[Start of Attachment]
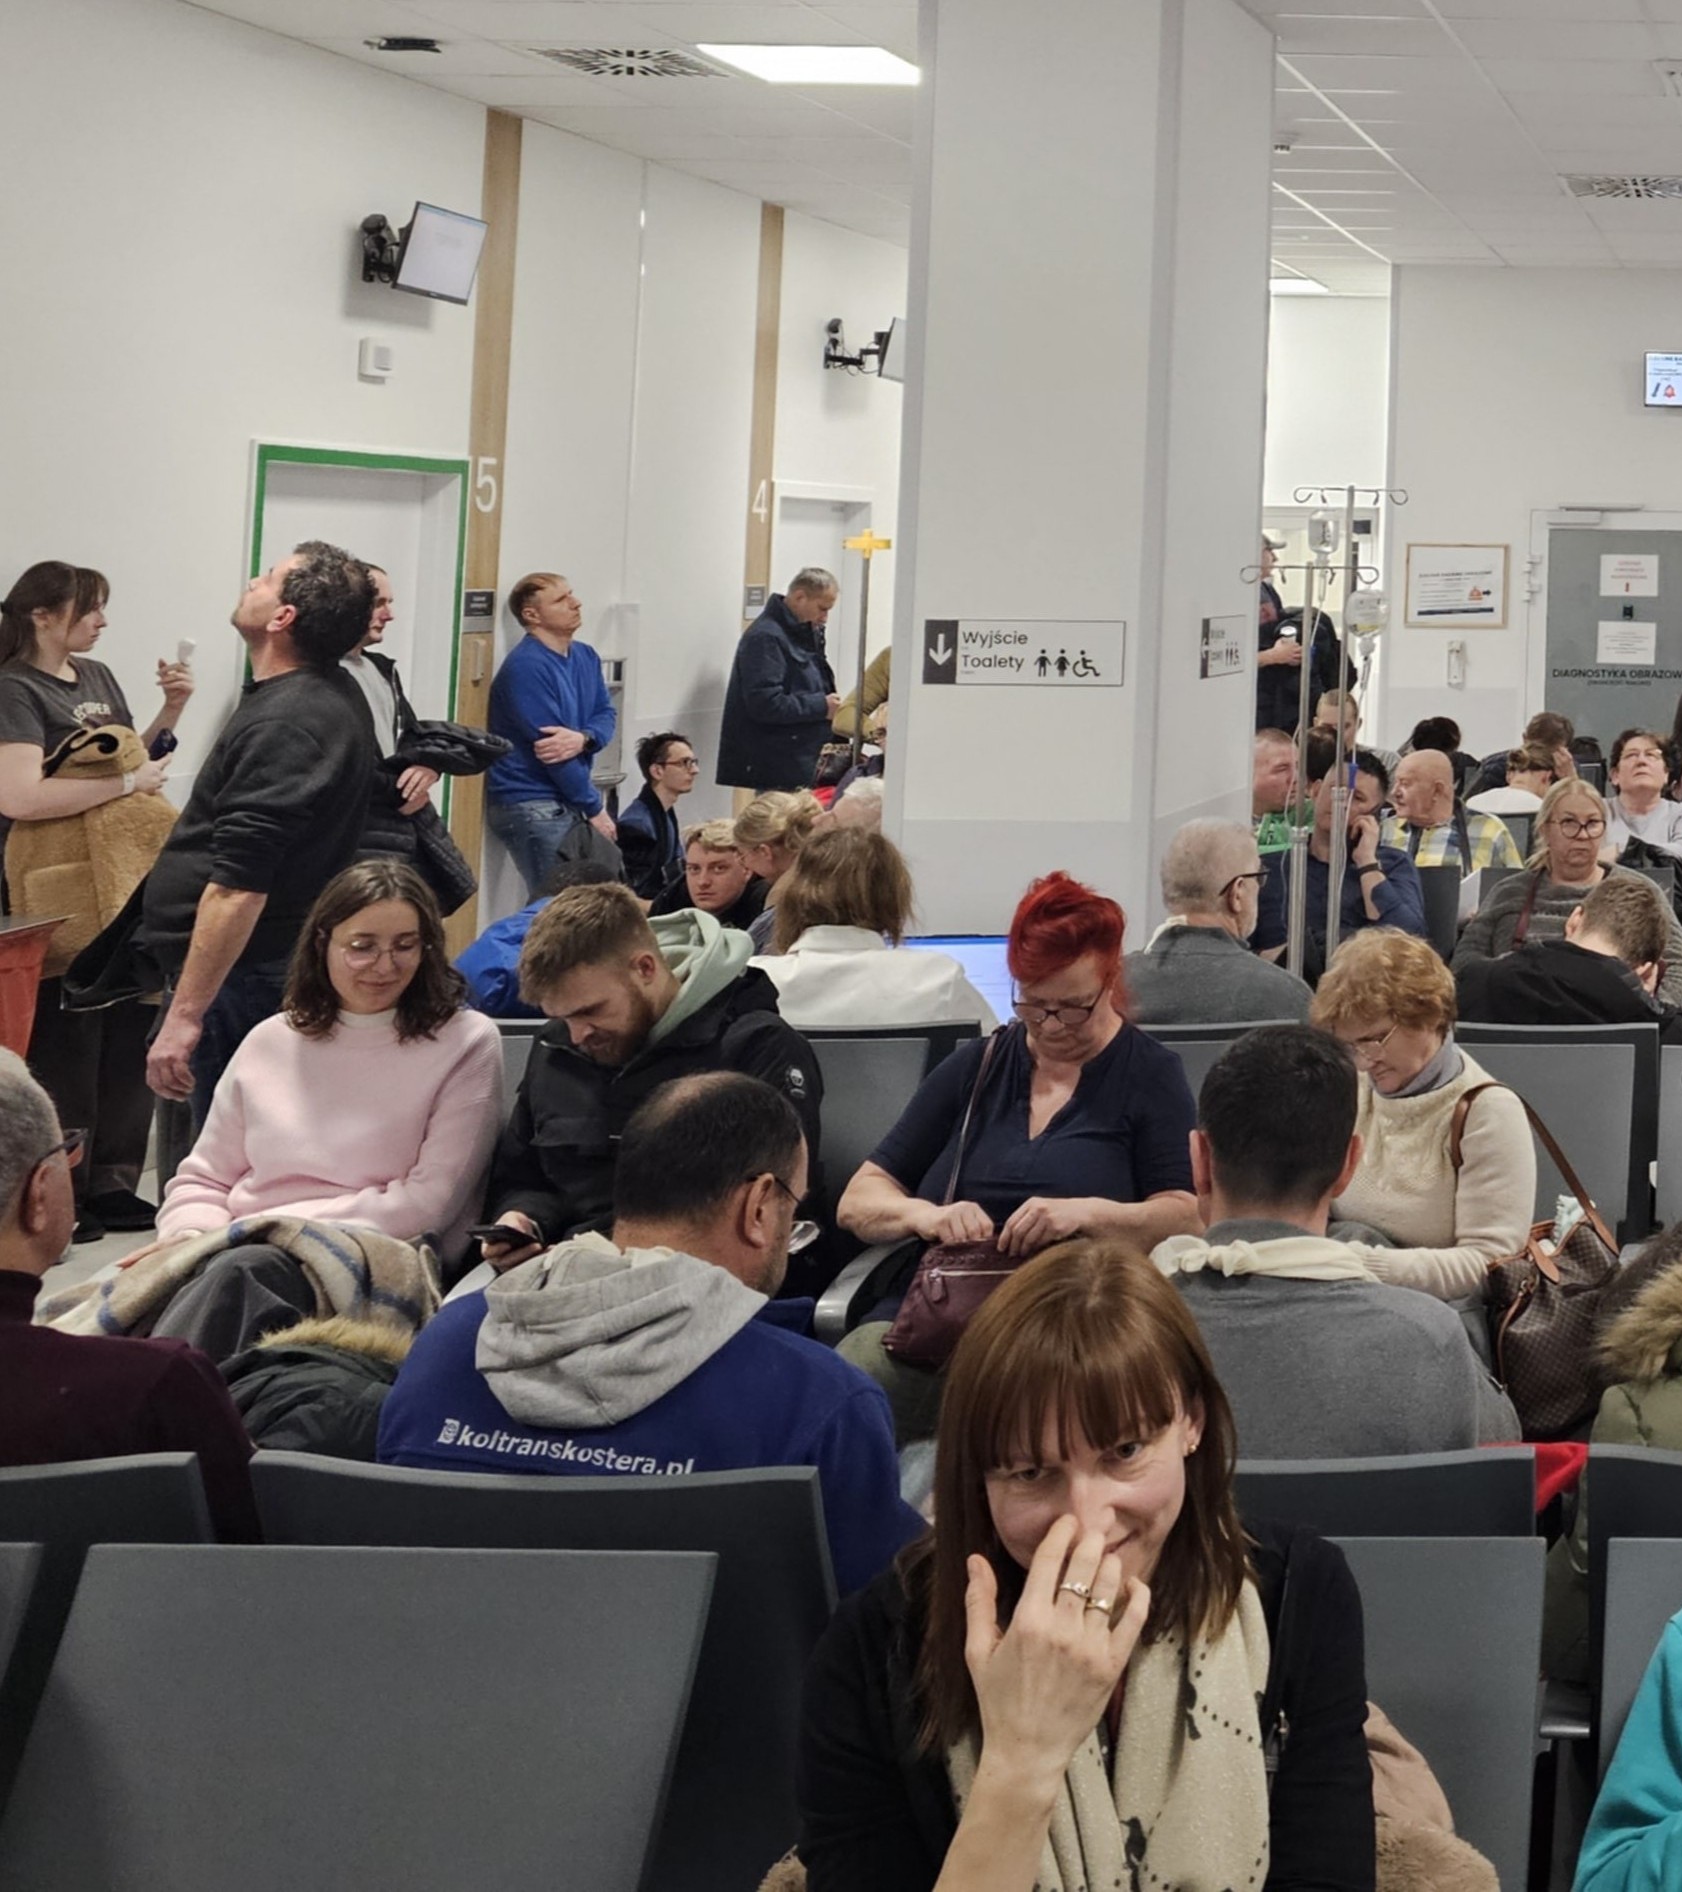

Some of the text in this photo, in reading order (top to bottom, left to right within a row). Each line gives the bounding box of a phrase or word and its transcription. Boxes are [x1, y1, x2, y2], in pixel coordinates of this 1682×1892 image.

[475, 456, 497, 513] 5
[752, 479, 768, 523] 4
[962, 630, 1028, 649] Wyjście
[961, 654, 1024, 673] Toalety
[1552, 669, 1627, 679] DIAGNOSTYKA
[456, 1424, 695, 1475] koltranskostera.pl
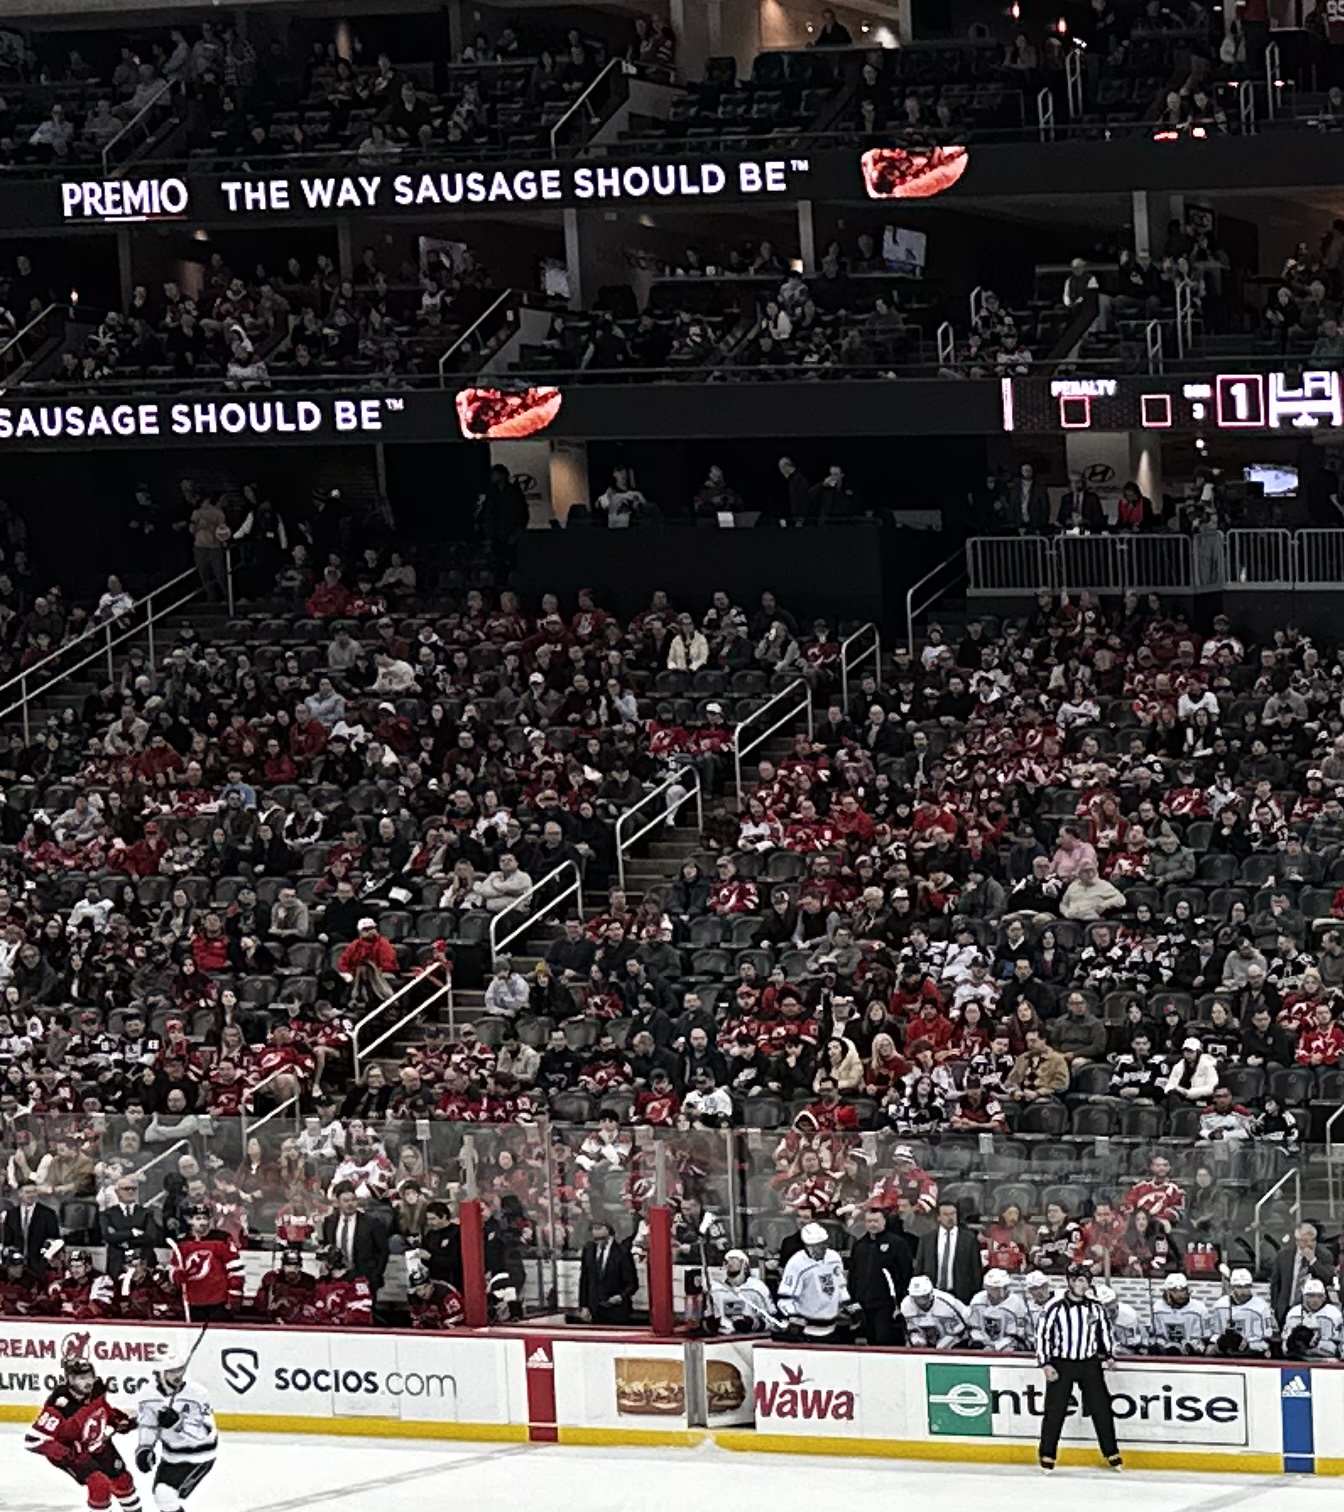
[End of Attachment]
The entries should be printed again exactly as written, leaving all pictures out.

» **Answer space**:
Some of the text in this photo, in reading order (top to bottom, left to right within a row). Each line gives the bounding box of a phrase or word and its transcription. Boxes are [x1, y1, x2, y2], in pixel coordinates of this 1682×1892 image.

[475, 456, 497, 513] 5
[752, 479, 768, 523] 4
[962, 630, 1028, 649] Wyjście
[961, 654, 1024, 673] Toalety
[1552, 669, 1627, 679] DIAGNOSTYKA
[456, 1424, 695, 1475] koltranskostera.pl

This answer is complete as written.